Rep. Fred Upton (Mich.) on Tuesday announced he will retire from Congress at the end of the year, becoming the latest House Republican who voted to impeach President Trump for inciting the Jan. 6, 2021, attack on the Capitol to head for the exits.
Reps. Anthony Gonzalez (Ohio), Adam Kinzinger (Ill.) and John Katko (N.Y.) have similarly opted against running for reelection this year.
The other six Republicans who backed Trump’s second impeachment are all facing primary challengers — meaning it’s possible that none of the 10 GOP “yes” votes for Trump’s impeachment will be back in Congress in 2023.
It’s all creating a House GOP that is increasingly in lockstep with the former president, who has been flirting with another White House run in 2024.
Trump celebrated Upton’s decision, declaring that the other “yes” votes on impeachment will eventually be turned out.
“UPTON QUITS! 4 down and 6 to go.
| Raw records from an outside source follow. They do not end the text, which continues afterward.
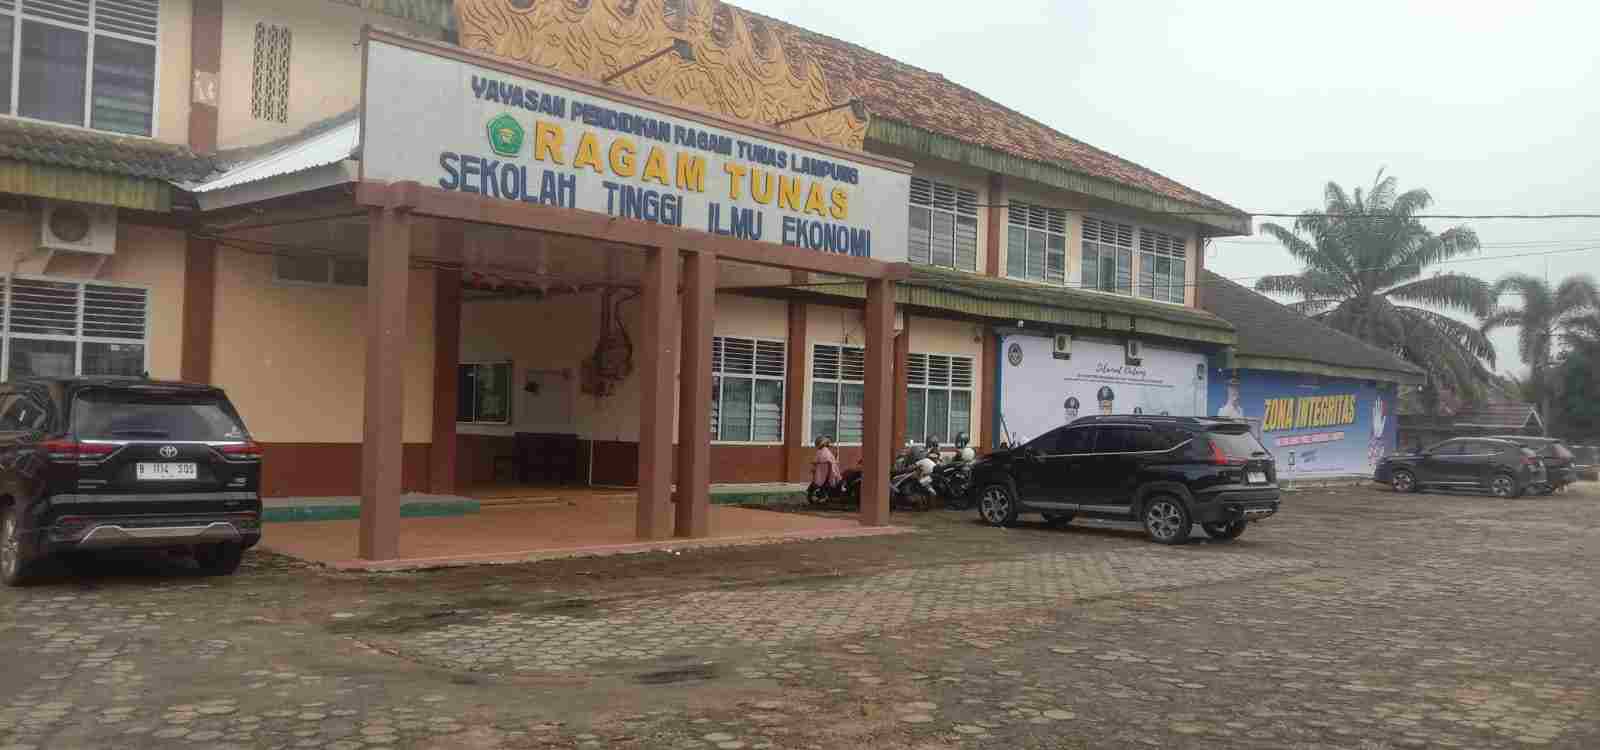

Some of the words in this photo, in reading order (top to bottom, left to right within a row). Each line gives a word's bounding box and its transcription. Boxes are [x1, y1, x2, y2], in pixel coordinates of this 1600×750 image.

[471, 75, 566, 119] YAYASAN
[570, 101, 671, 144] PENDIDIKAN
[673, 120, 733, 157] RAGAM
[736, 139, 788, 170] TUNAS
[790, 152, 859, 185] LAMPUNG
[534, 119, 705, 194] RAGAM
[722, 160, 848, 219] TUNAS
[439, 151, 576, 209] SEKOLAH
[602, 180, 684, 228] TINGGI
[708, 202, 763, 241] ILMU
[782, 215, 872, 258] EKONOMI
[1263, 398, 1295, 432] ZONA
[1296, 394, 1356, 428] INTEGRITAS
[138, 463, 144, 474] B
Others losing badly, who’s next?” he said in a statement.
House GOP leaders praised Upton and sidestepped the suggestion that his decision to forgo reelection had to do with Trump.
“This was a decision he had to make looking at the dynamics of a member-on-member race,” House Minority Whip Steve Scalise (R-La.) said during a press conference. “He’s had a long career, distinguished, he talked about things like 21st Century Cures, a bill I think that for generations to come will help cure more diseases.”
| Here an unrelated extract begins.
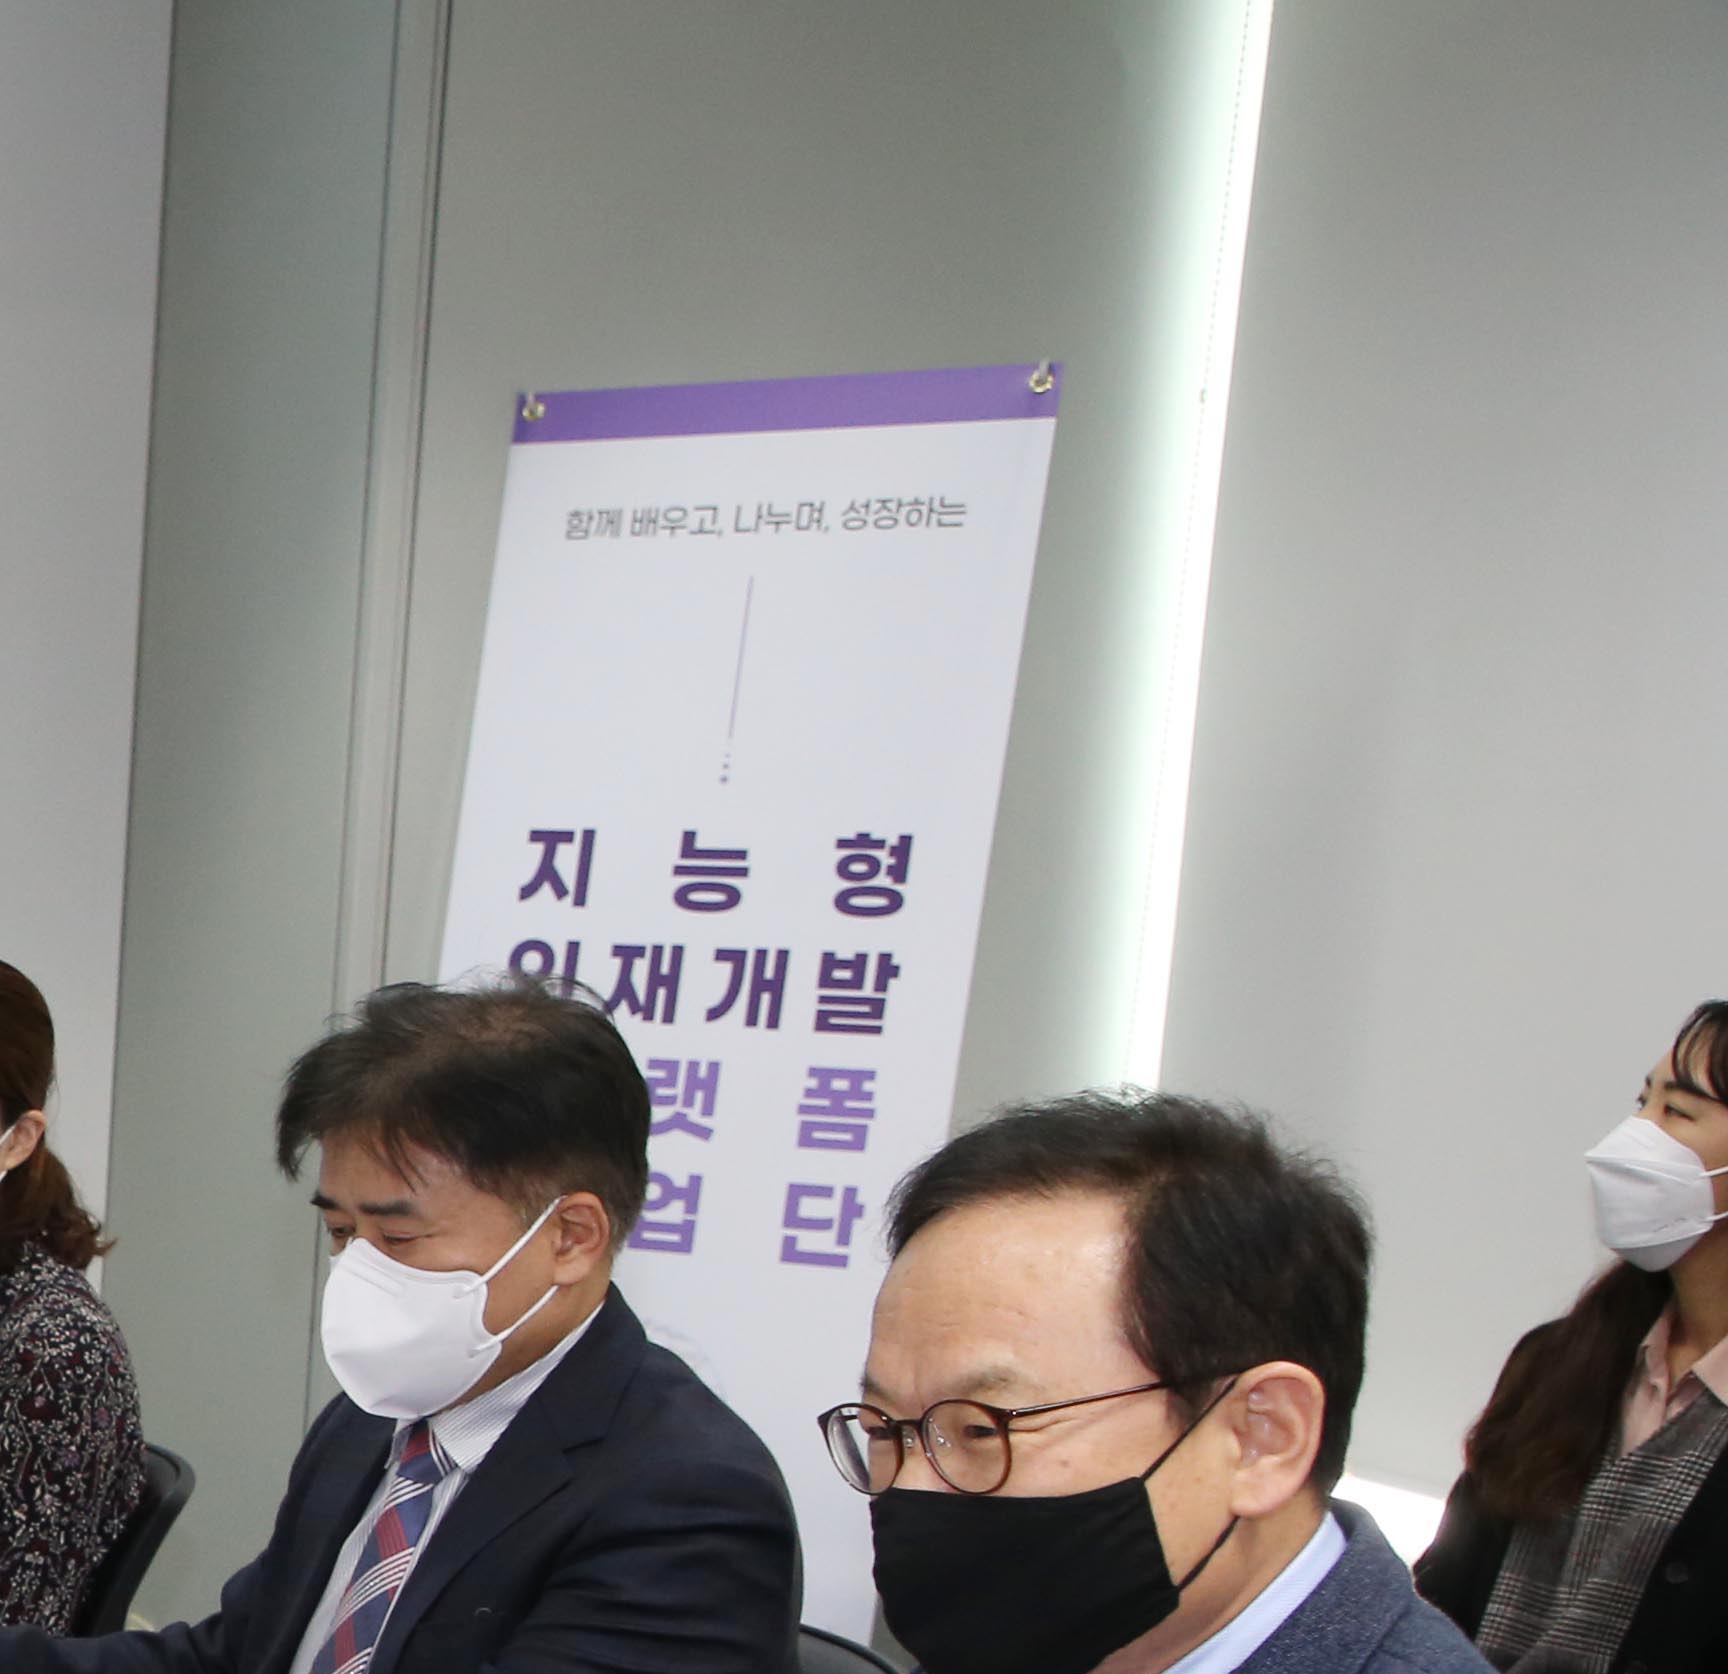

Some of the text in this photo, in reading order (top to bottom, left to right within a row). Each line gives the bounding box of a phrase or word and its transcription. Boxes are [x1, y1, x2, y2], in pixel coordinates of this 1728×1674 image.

[564, 496, 966, 540] 함께 배우고, 나누며, 성장하는
[646, 1059, 877, 1151] 랫폼
[628, 1171, 866, 1269] 업단
Upton helped spearhead the 21st Century Cures Act, a 2016 law signed by former President Obama at the end of his term, aimed to accelerate medical innovation and advances.
Upton’s support for Trump’s impeachment last year wasn’t the only vote that drew ire from Trump, his supporters or the far right.
Upton received death threats in the fall for being one of the 13 House Republicans who helped hand President Biden a legislative victory by voting for the bipartisan infrastructure bill.
The increasing ostracization from his own party marked a sharp turnaround from less than a decade ago, when Upton served as chairman of the powerful House Energy and Commerce Committee while Republicans last held the chamber’s majority.